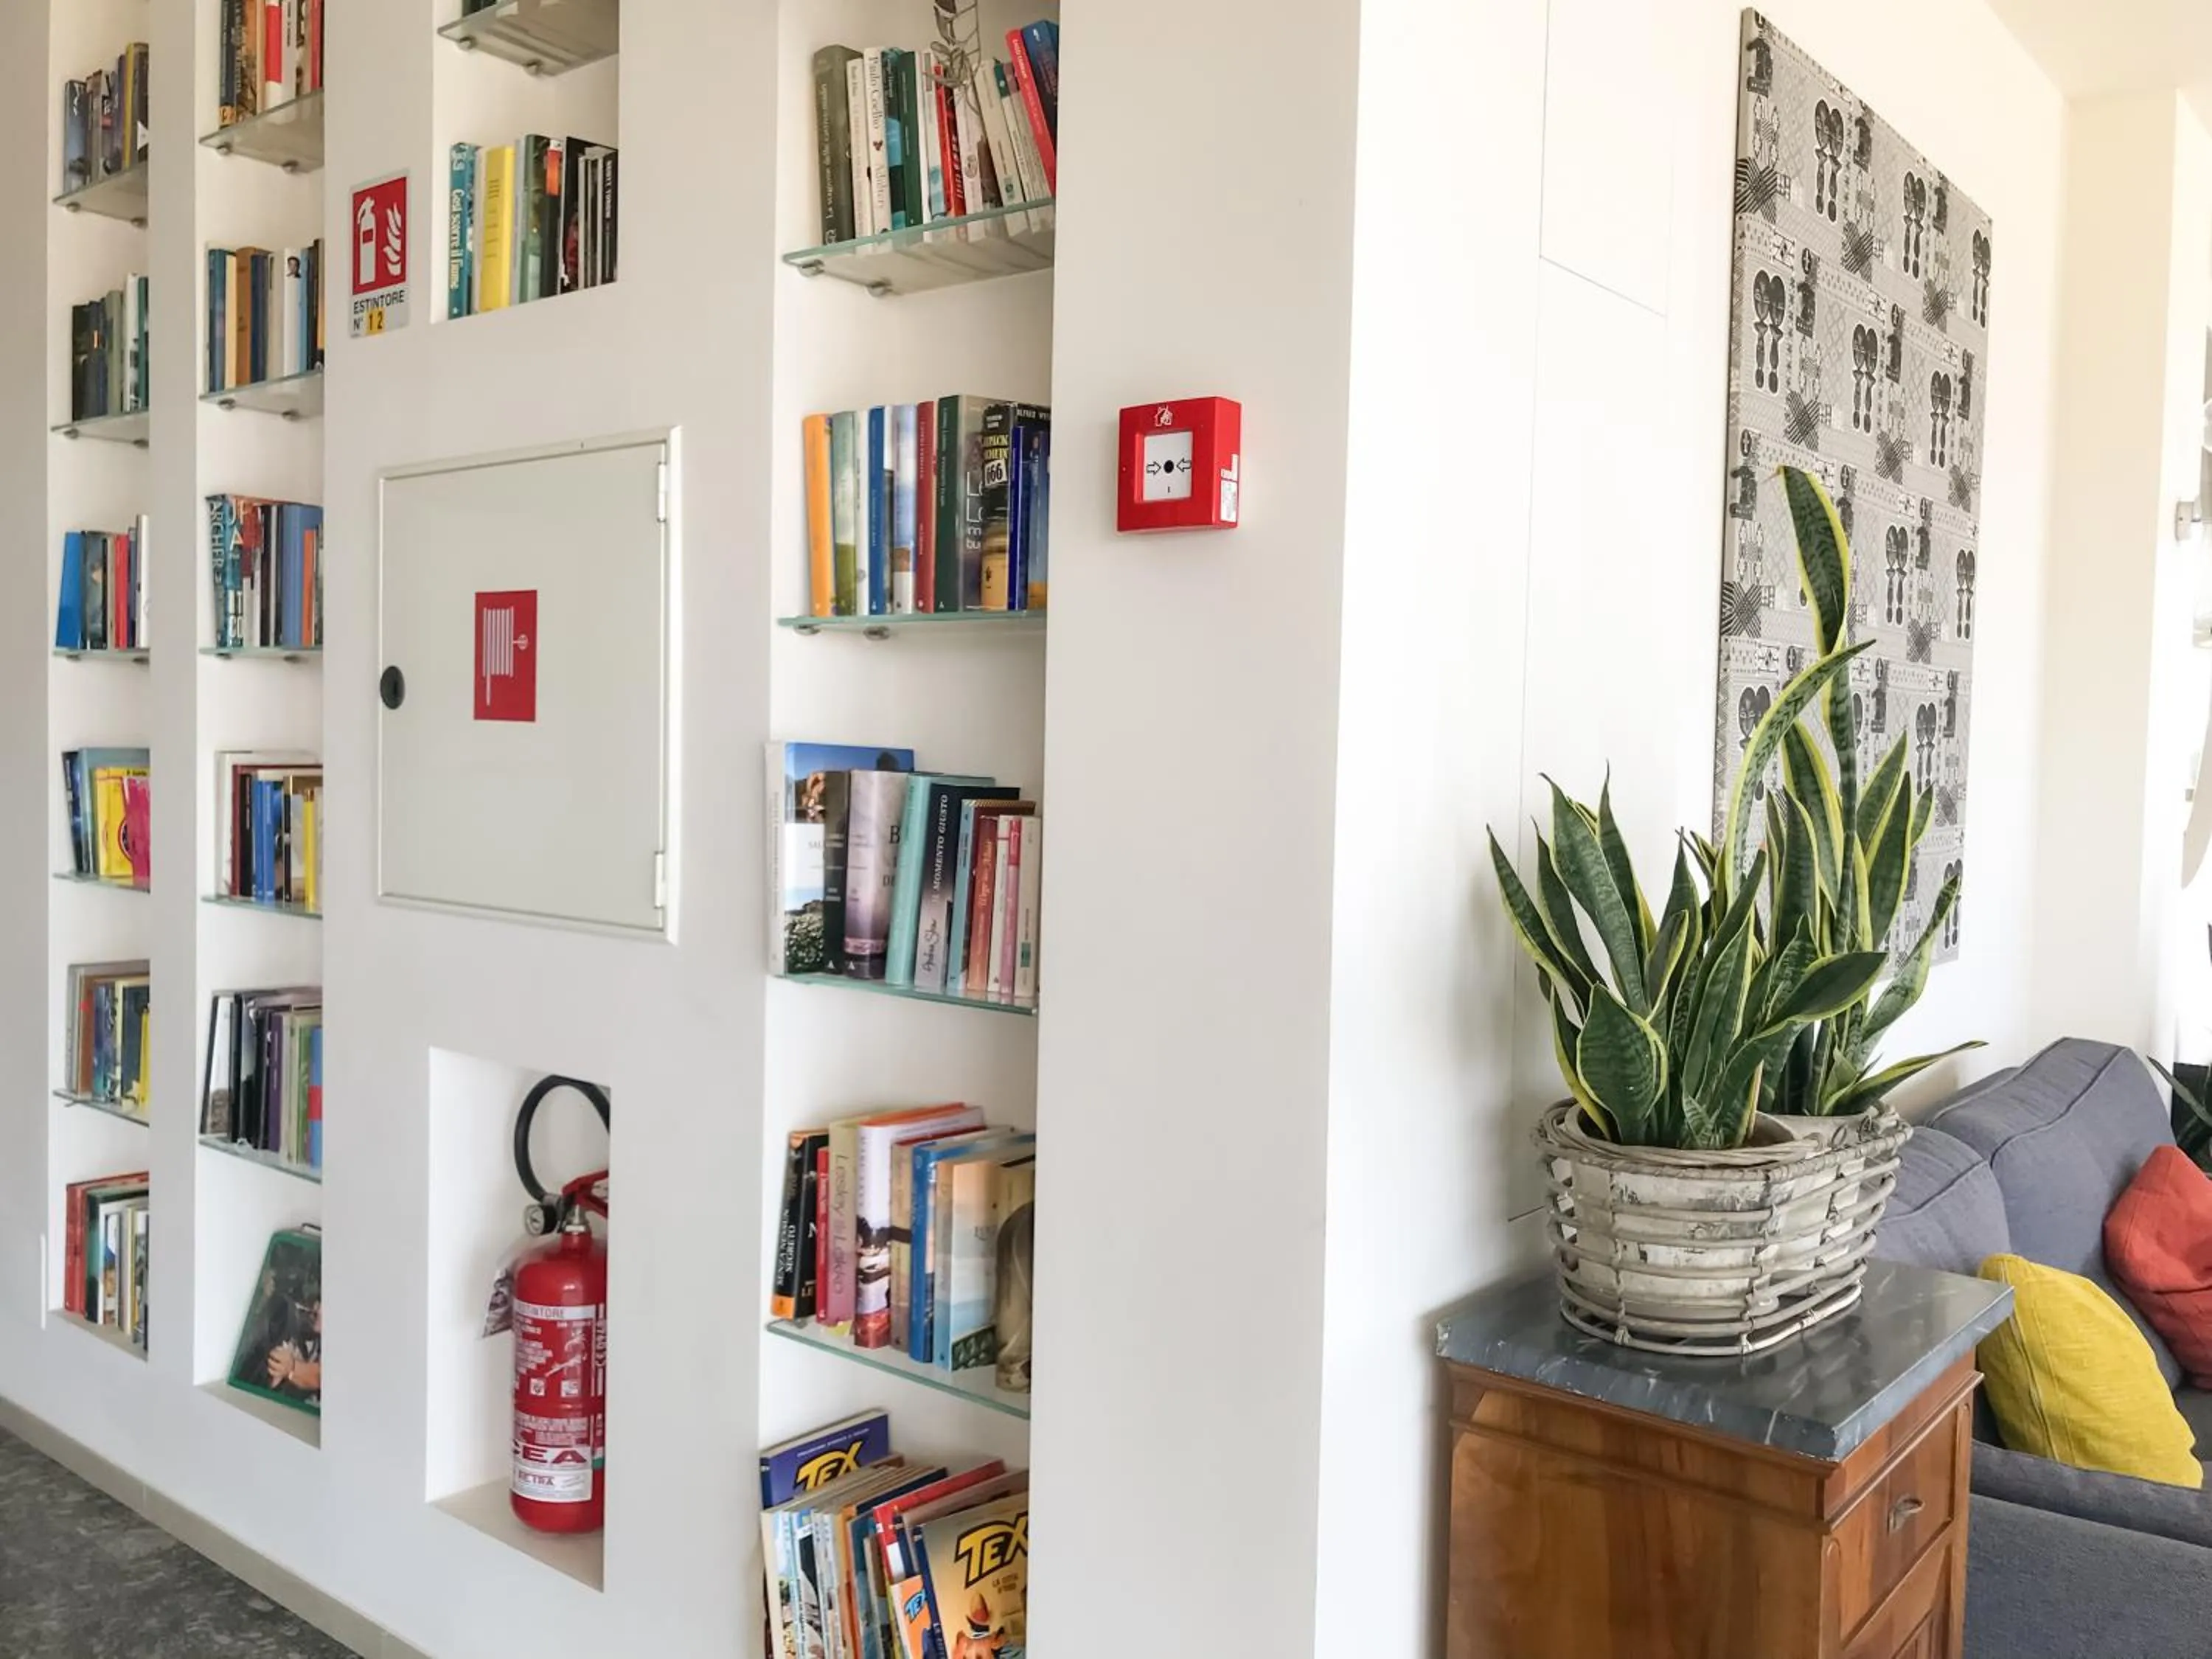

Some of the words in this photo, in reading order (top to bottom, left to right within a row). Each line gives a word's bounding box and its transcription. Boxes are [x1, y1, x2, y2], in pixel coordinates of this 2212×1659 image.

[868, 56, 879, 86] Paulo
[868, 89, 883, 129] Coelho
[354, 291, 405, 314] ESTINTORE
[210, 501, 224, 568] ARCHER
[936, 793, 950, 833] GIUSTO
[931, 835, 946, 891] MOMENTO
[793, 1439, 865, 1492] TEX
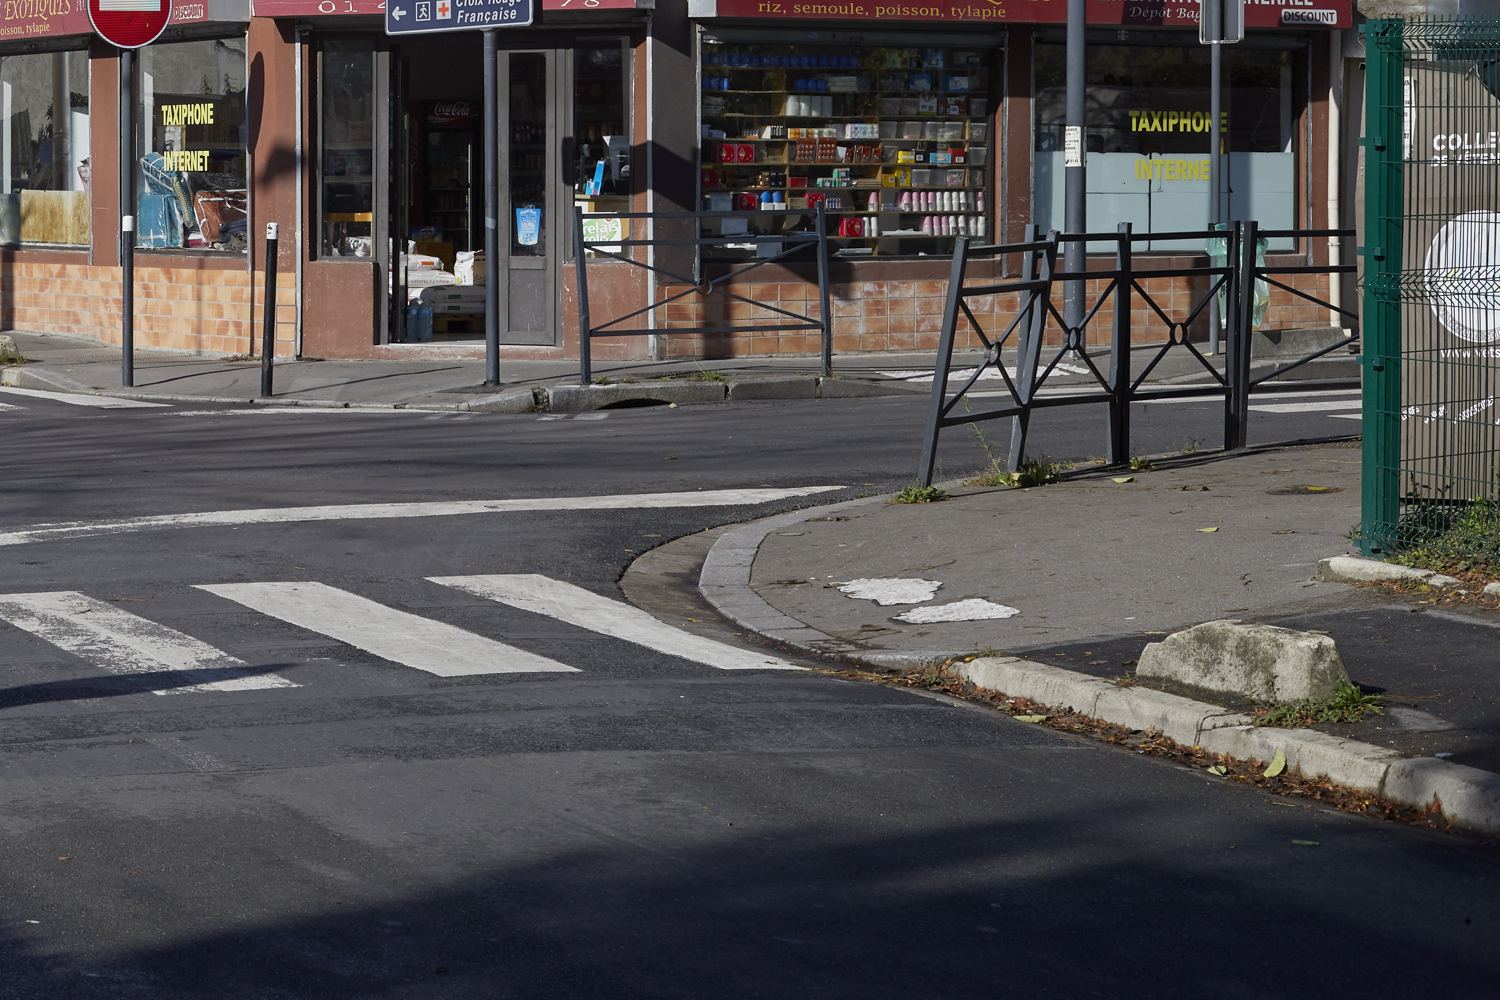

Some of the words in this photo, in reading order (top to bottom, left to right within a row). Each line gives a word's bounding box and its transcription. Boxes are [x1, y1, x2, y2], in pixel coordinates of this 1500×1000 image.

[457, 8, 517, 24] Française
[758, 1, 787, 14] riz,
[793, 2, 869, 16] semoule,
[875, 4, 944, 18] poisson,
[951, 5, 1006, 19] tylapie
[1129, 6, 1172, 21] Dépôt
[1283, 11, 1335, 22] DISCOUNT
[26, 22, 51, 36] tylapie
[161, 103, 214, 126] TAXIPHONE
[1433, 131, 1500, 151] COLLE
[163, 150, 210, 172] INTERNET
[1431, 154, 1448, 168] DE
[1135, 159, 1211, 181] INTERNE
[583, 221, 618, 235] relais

----

#### [Exercise]
Go back to the data above and please quote exactly, and only, the lines from the line with "this 1500×1000 image." through its last line.

#### [Exercise output]
Some of the words in this photo, in reading order (top to bottom, left to right within a row). Each line gives a word's bounding box and its transcription. Boxes are [x1, y1, x2, y2], in pixel coordinates of this 1500×1000 image.

[457, 8, 517, 24] Française
[758, 1, 787, 14] riz,
[793, 2, 869, 16] semoule,
[875, 4, 944, 18] poisson,
[951, 5, 1006, 19] tylapie
[1129, 6, 1172, 21] Dépôt
[1283, 11, 1335, 22] DISCOUNT
[26, 22, 51, 36] tylapie
[161, 103, 214, 126] TAXIPHONE
[1433, 131, 1500, 151] COLLE
[163, 150, 210, 172] INTERNET
[1431, 154, 1448, 168] DE
[1135, 159, 1211, 181] INTERNE
[583, 221, 618, 235] relais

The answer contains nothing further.